Atop the thyroid are tiny little glands that are called the parathyroid glands. They secrete hormones that control bone density and electrolyte balance – – it’s actually a lot more complicated than that but for now that’s all you need to know.
These glands make their hormones by using the iodine that they suck up from the food you eat. Some of us do not get enough iodine in our diets so that’s why a lot of table salt is “iodized” — they put iodine in the salt so that every time you sprinkle salt on your food, you get a little does of iodine. Some salts companies do not do this and that’s why you will see a label that says “This salt does not contain iodine.” It’s just like fluoride in your drinking water. Every time you drink city water, (in most places in the USA) you get a little fluoride to help your teeth stay hard. They put Vitamin D in milk for the same reason. Back in the old days, kids didn’t get enough vitamin D because of poor diets and the lack of sunlight in the winter. (Your body makes its own vitamin D from sunlight on your skin). The government decided that milk should have vitamin D added to it because all kids drank milk — supposedly. They still do it today so it must have worked out the way doctors and scientists planned.

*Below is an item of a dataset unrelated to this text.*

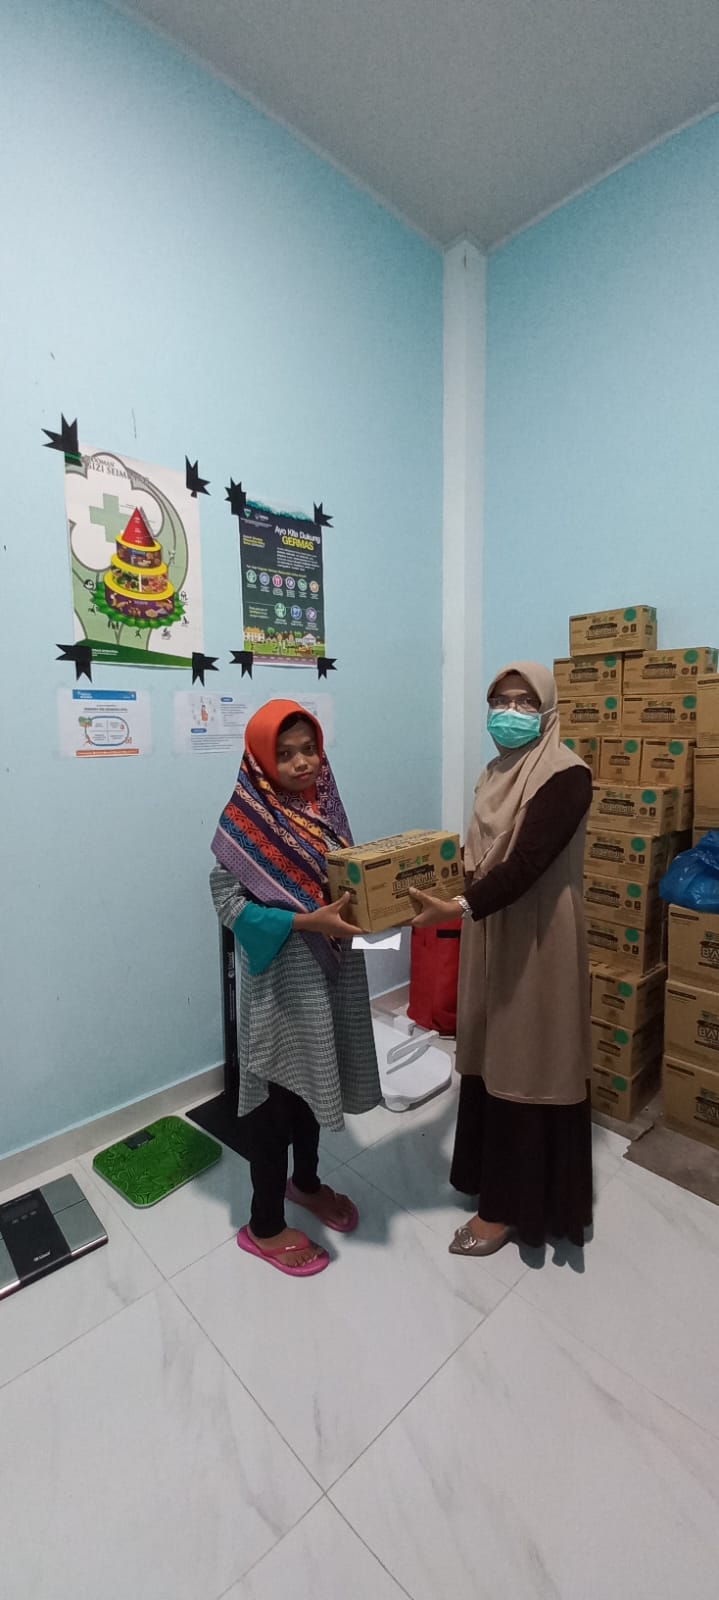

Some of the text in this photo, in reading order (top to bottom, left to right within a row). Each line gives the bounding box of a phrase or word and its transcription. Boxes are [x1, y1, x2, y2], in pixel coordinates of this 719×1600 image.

[275, 525, 320, 544] Ayo Kita Dukung
[282, 535, 314, 551] GERMAS

Anyway, think of your thyroid gland as a sponge that loves to soak up iodine. If there is a radiation leak from a power plant, some of that radiation will be in the form of radioactive iodine and it will grab onto your thyroid like a key in a lock. If, however, you have taken a big dose of harmless iodine like Potassium Iodine, there will be no place left on the thyroid for the radioactive stuff to stick so it will dissipate. That’s the theory of why taking oral iodine helps to prevent you from getting thyroid cancer after a nuclear accident.

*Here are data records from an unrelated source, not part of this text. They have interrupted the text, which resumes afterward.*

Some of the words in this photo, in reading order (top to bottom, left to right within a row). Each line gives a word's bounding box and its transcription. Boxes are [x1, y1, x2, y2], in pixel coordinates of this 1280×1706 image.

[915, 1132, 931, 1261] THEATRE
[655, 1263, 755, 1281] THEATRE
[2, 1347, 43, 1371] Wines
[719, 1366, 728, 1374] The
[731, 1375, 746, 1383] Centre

Don’t run around taking iodine if you don’t have a nuclear accident to worry about. You get a lot of the iodine you need from sea food, certain green leafy vegetables and table salt — relax and don’t worry about it.

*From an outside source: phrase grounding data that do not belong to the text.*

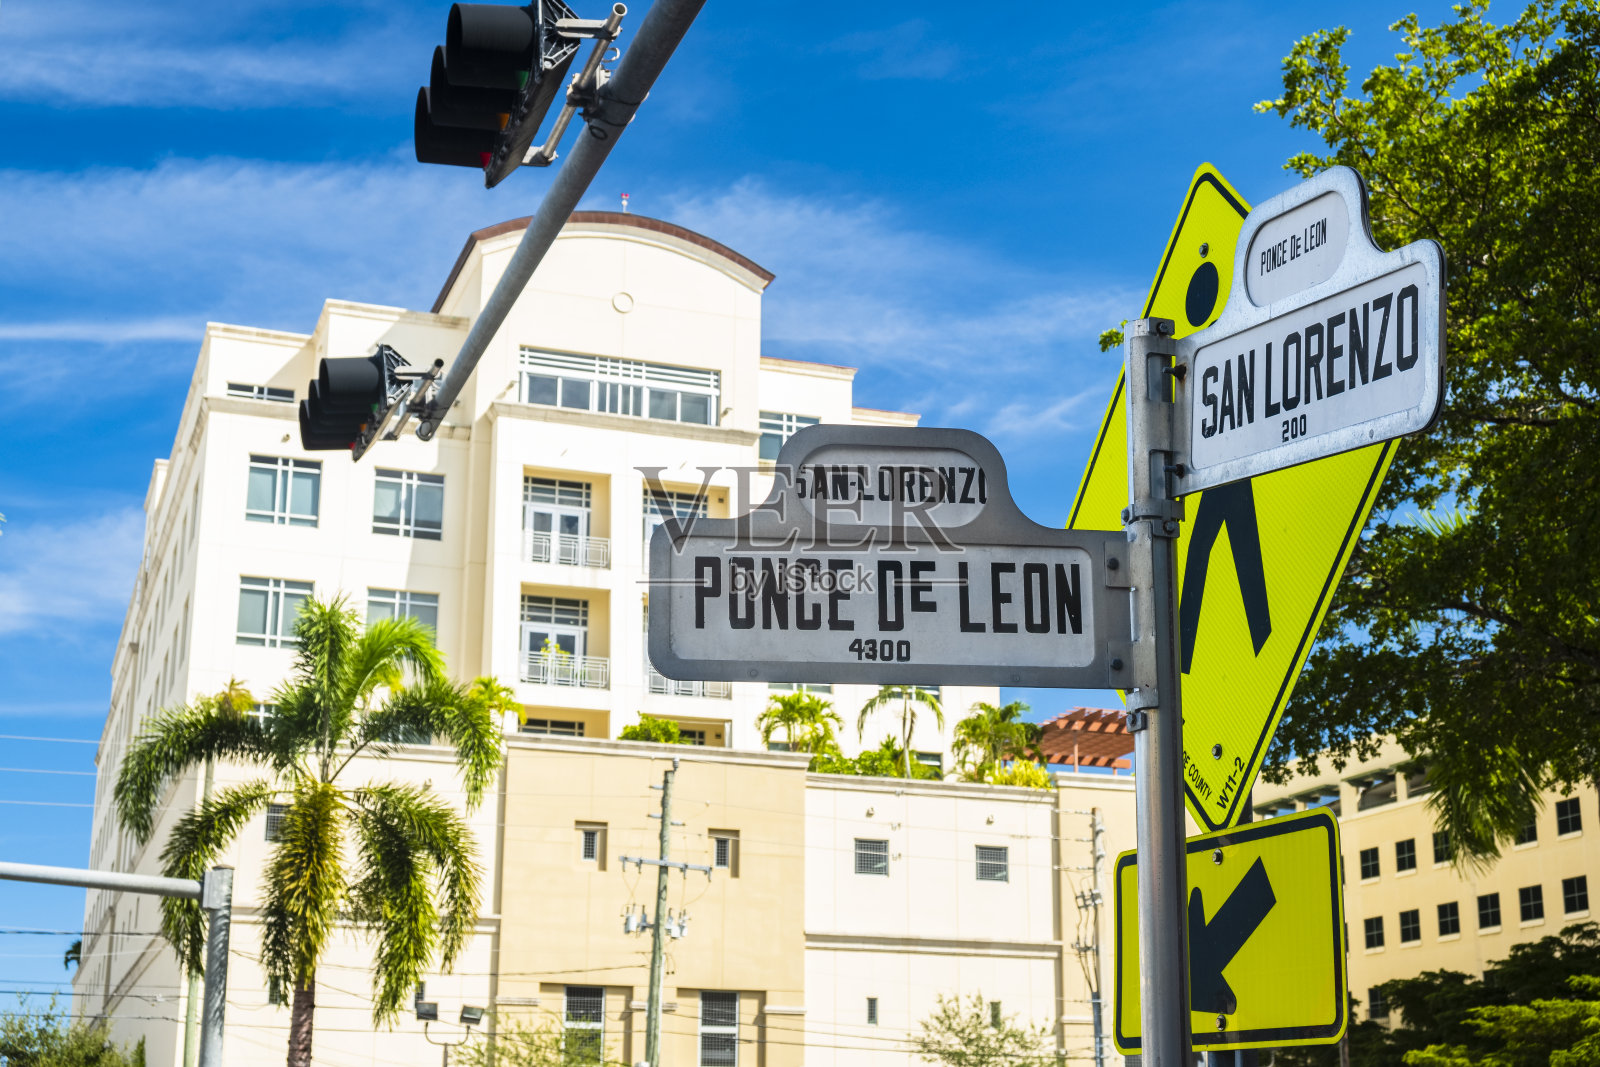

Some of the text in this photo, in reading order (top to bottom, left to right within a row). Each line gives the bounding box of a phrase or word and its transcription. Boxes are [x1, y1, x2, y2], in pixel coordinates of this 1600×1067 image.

[1261, 239, 1287, 276] PONCE
[1304, 217, 1327, 253] LEON
[1201, 283, 1419, 440] SAN LORENZO
[1282, 413, 1307, 442] 200
[694, 555, 1083, 635] PONCE DE LEON
[848, 638, 912, 663] 4300
[1188, 763, 1212, 801] COUNTY
[1217, 756, 1245, 809] W11-2
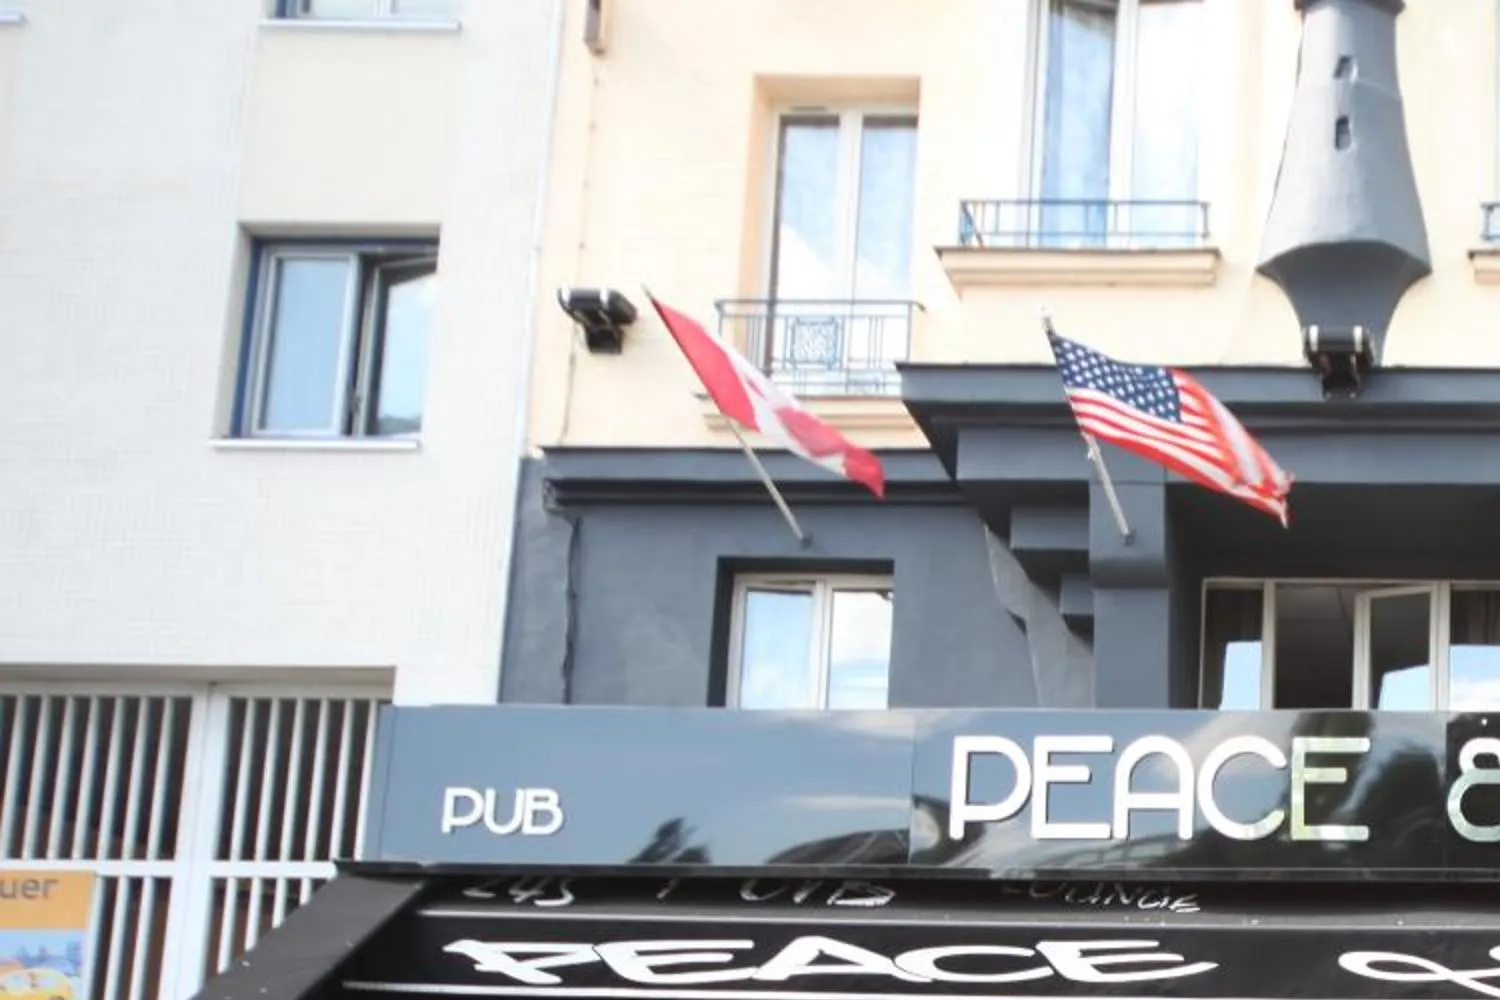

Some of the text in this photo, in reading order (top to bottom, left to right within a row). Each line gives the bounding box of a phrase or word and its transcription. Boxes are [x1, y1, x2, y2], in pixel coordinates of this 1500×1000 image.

[443, 787, 564, 836] PUB
[949, 735, 1370, 842] PEACE
[442, 935, 1220, 985] PEACE

I have previously read and wondered just how helpful iodine would be in relation to my underactive thyroid problem a while ago now, but there have been conflicting reports about iodine in general and so I dismissed it having got in touch eventually with Doctor Peatfield from Surrey – once I had tests done to solve the problem I knew I had an underactive thyroid. What I did learn though was that the iodine that was safe to use in the circumstances & the best one would be Formula II ‘Iosol’ Food supplement if you are going to use iodine at all! I worked out for myself I had a thyroid problem at the time but I was told my blood count was normal by the doctors I actually worked for then & it was 9 years before I found the help of Doctor Peatfield etc. and so I learned to find the info. I needed after I retired as a driving instructor because I bought a laptop to acquire the knowledge I needed. Even so I was so engrossed in being busy looking after my 3 small grandsons I did not follow up the risks a person with an underactive thyroid might suffer from a heart problem which caught up with me & so I was fortunate to recover from a quadruple heart bypass eventually. But moving away from a thyroid problem at the moment I would like to understand clearly how it makes an important difference to a person overall when someone is at risk of developing cancer which it seems we all share the risk of that possibility. I have a grave concern about my own sister who started to have cancer problems some years ago & has had several operations including removal of one kidney; she has had a session of chemotherapy which did reduce the size of several tumours but she felt so rough during this time she decided not to go ahead with the next one. Of course the inevitable has happened & tumours have now grown larger again. Over the long period of time I have tried to learn as much as I could about the problem but was not impressed with what the outcome was likely to be and so I do not know how to help her at this moment but I am not sure how much she has researched herself in order to try to understand how to help herself – she doesn’t want to talk about it! I know we are not the only ones in this predicament but I do know I am hoping for a miracle…. Jean Gittins.